Il supertopo anticancro può trasmettere i superpoteri


    Il cancro ha finalmente trovato un degno avversario che pare sia del tutto insensibile ai suoi attacchi.

    La scoperta, fatta per caso nell’Aprile 2003 da un gruppo di ricercatori della Wake Forest University si sta dimostrando, nel corso degli anni sempre più importante e promettente.

    I ricercatori stavano iniettando in un gruppo di topi delle cellule cancerogene e hanno notato che nel gruppo di ratti era presente uno "speciale". Questo super-ratto, nemmeno dopo ripetute iniezioni, sviluppava tumori, al contrario di tutti gli altri.

    Il topo è stato isolato e fatto accoppiare in modo da produrre una "stirpe" di super topi (700), di questi almeno la metà avevano ereditato la resistenza dimostrando che questa era trasmessa geneticamente, probabilmente dovuta ad una mutazione e che era dominante.

    Alcuni discendenti sono risultati resistentissimi, in altri il tumore si è sviluppato ma è scomparso nell’arco di 24 ore, a causa di un attacco dei leucociti del sistema immunitario del topo che hanno letteralmente disintegrato il tumore, senza attaccare le cellule sane. E’ il sogno di ogni oncologo e sicuramente di ogni malato di cancro.

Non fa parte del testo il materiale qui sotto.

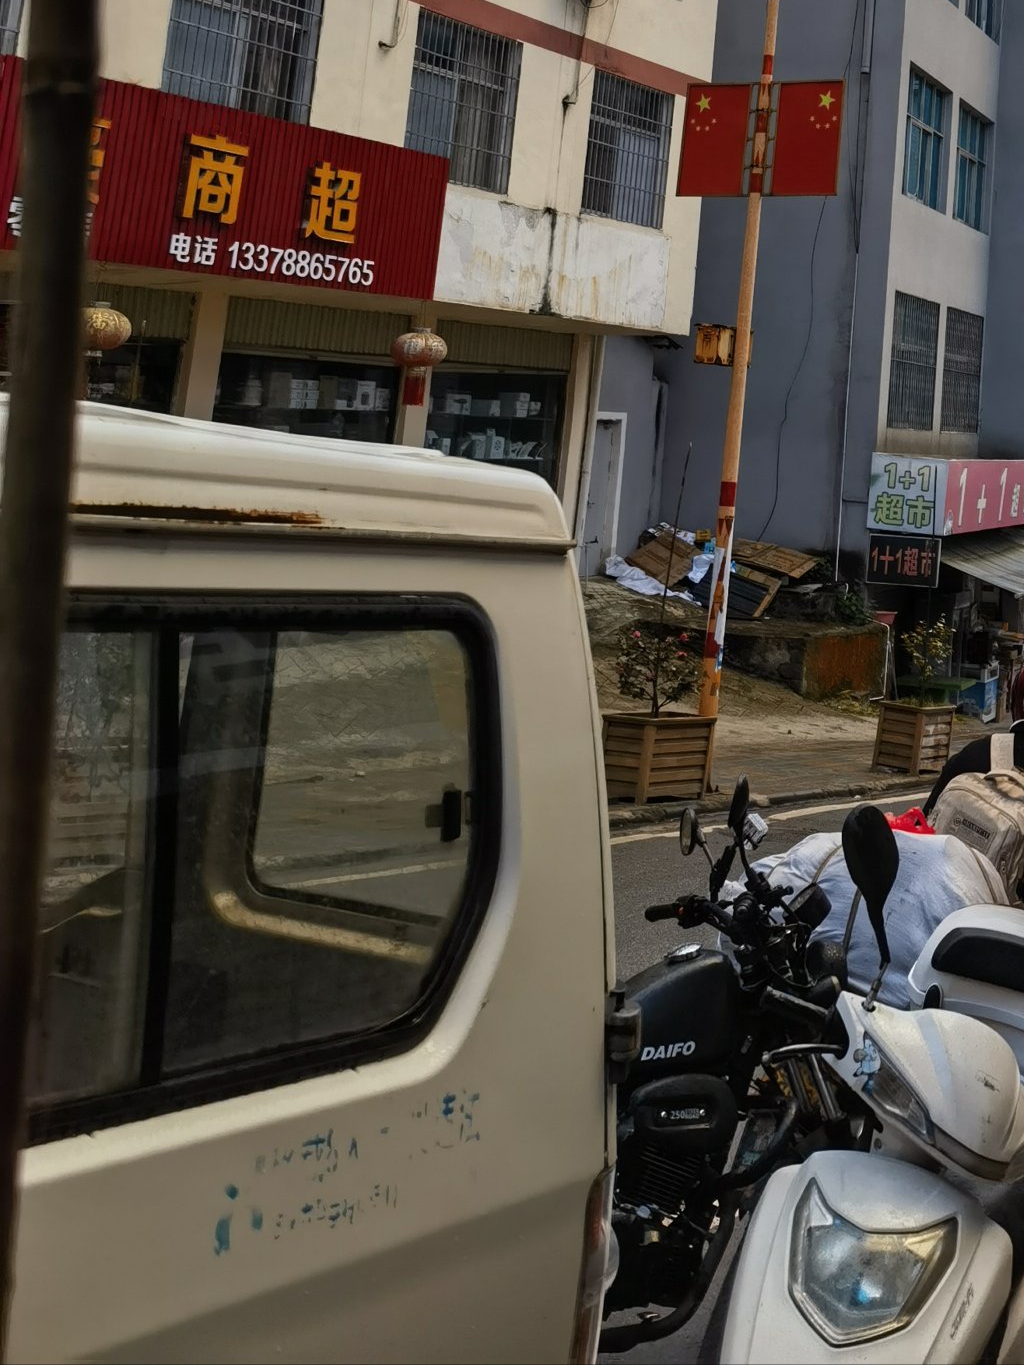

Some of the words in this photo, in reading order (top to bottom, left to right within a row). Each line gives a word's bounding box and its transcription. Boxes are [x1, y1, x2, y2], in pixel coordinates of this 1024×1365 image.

[89, 119, 362, 244] 商超
[169, 232, 218, 266] 电话
[228, 241, 375, 286] 13378865765
[884, 462, 932, 492] 1+1
[873, 491, 935, 529] 超市
[641, 1040, 696, 1061] DAIFO
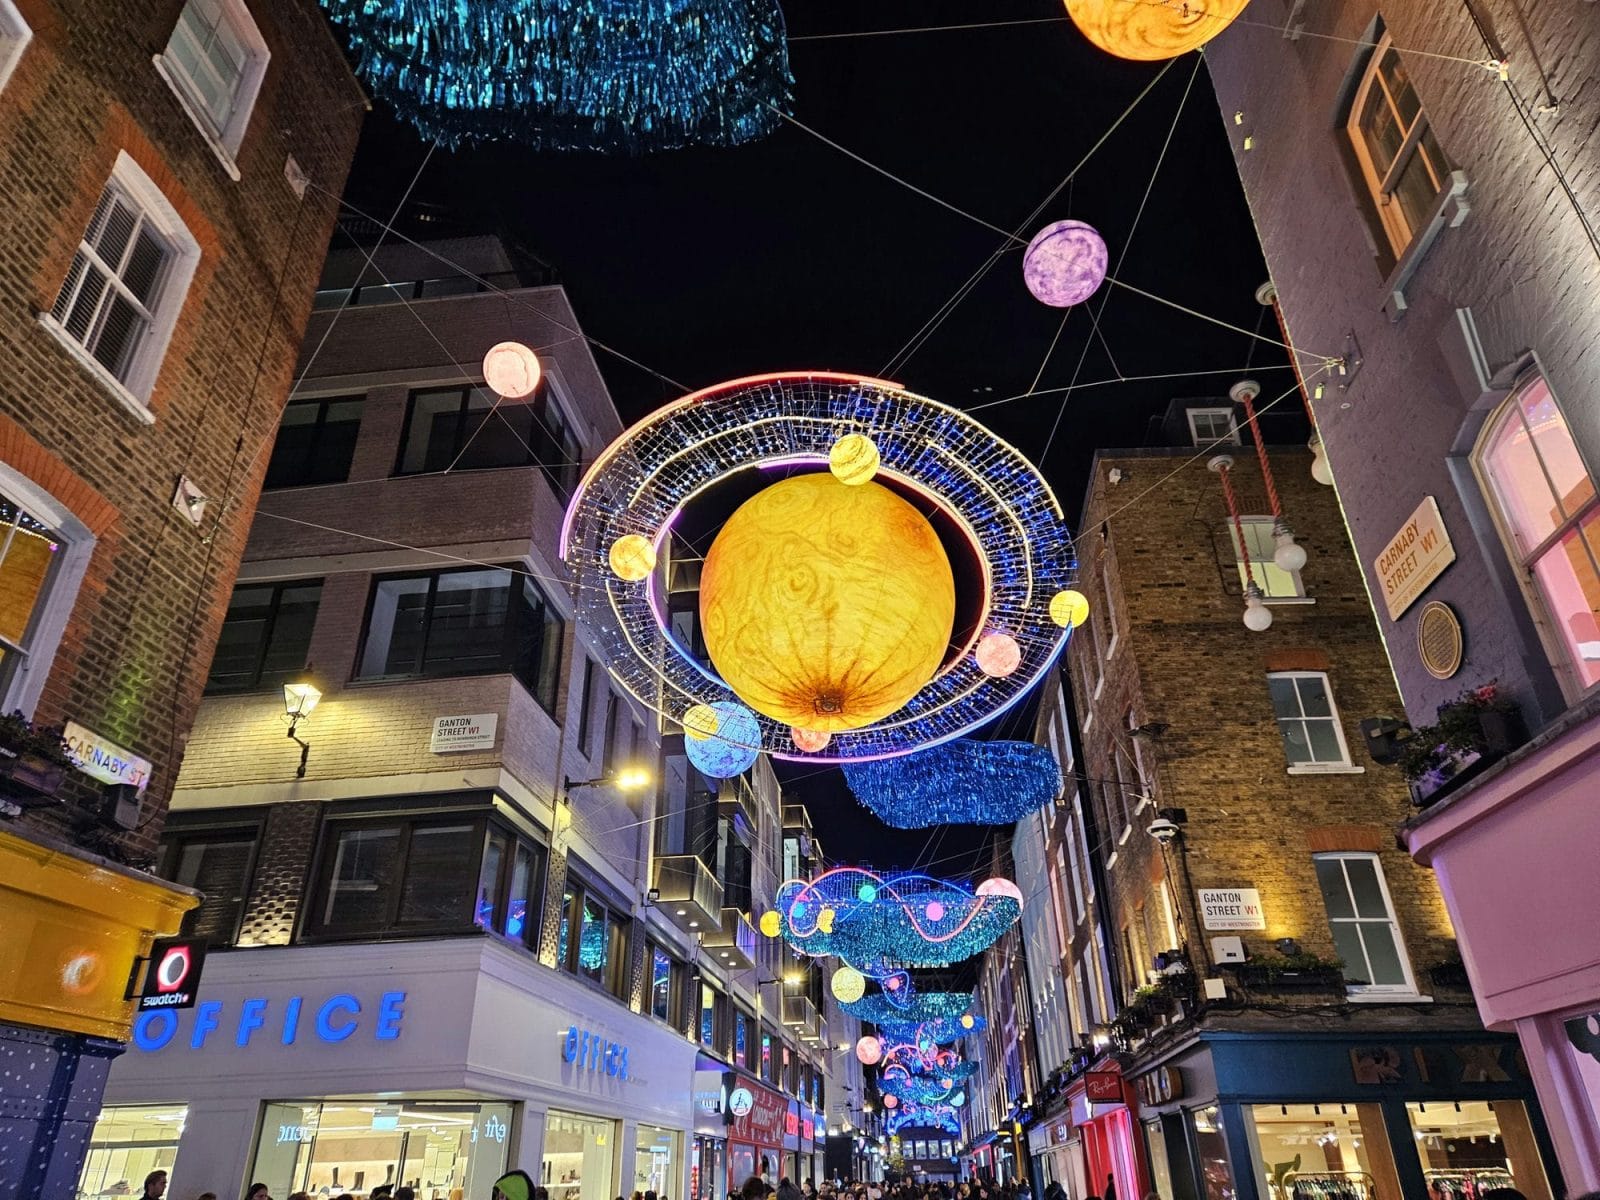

    Questo meccanismo potrebbe spiegare come mai alcune persone anche se esposte ad agenti cancerogeni non sviluppano il cancro, e potrebbe anche spiegare la regressione spontanea delle neoplasie, osservata raramente in alcuni pazienti.

    Ora, a distanza di tre anni, i ricercatori dello stesso istituto hanno scoperto che prelevando un gruppo di cellule comprendenti macrofagi e neutrofili, e trasferendolo dal ceppo coi superpoteri a un ceppo normale, è trasmessa la resistenza al cancro.

    Quindi, sembra che l’immunità di cui sono dotati i super topi sia innata, cioè già presente e non dovuta ad un’immunità adattativa mediata da linfociti B e T, (infatti, i macrofagi e i neutrofili fanno parte del sistema immunitario innato) e che questa immunità può essere trasferita dai super-topi a quelli normali, una specie di "cessione dei poteri" trasformando anche il ceppo normale in super-ceppo e portando alla distruzione di masse tumorali notevoli già presenti anche delle forme di cancro più aggressive e proteggendolo dall’insorgenza di nuovi tumori.

    La grandiosa scoperta è stata finanziata dal Cancer research institute (Cri) e rappresenta un grossissimo passo avanti nella ricerca oncologica.

    La scoperta è stata di una portata tale che ha portato a istituire delle collaborazioni con tre tra le maggiori istituzioni americane nel campo della ricerca oncologica, in modo da formare una squadra di ricerca che possa studiare la famiglia di topi-supereroi che potrebbe salvare il mondo dalla piaga del cancro.

    Ora la ricerca, affidata a genetisti, patologi, biologi molecolari, ha come scopo identificare la mutazione genetica che si suppone sia la responsabile della nascita di questi super-poteri.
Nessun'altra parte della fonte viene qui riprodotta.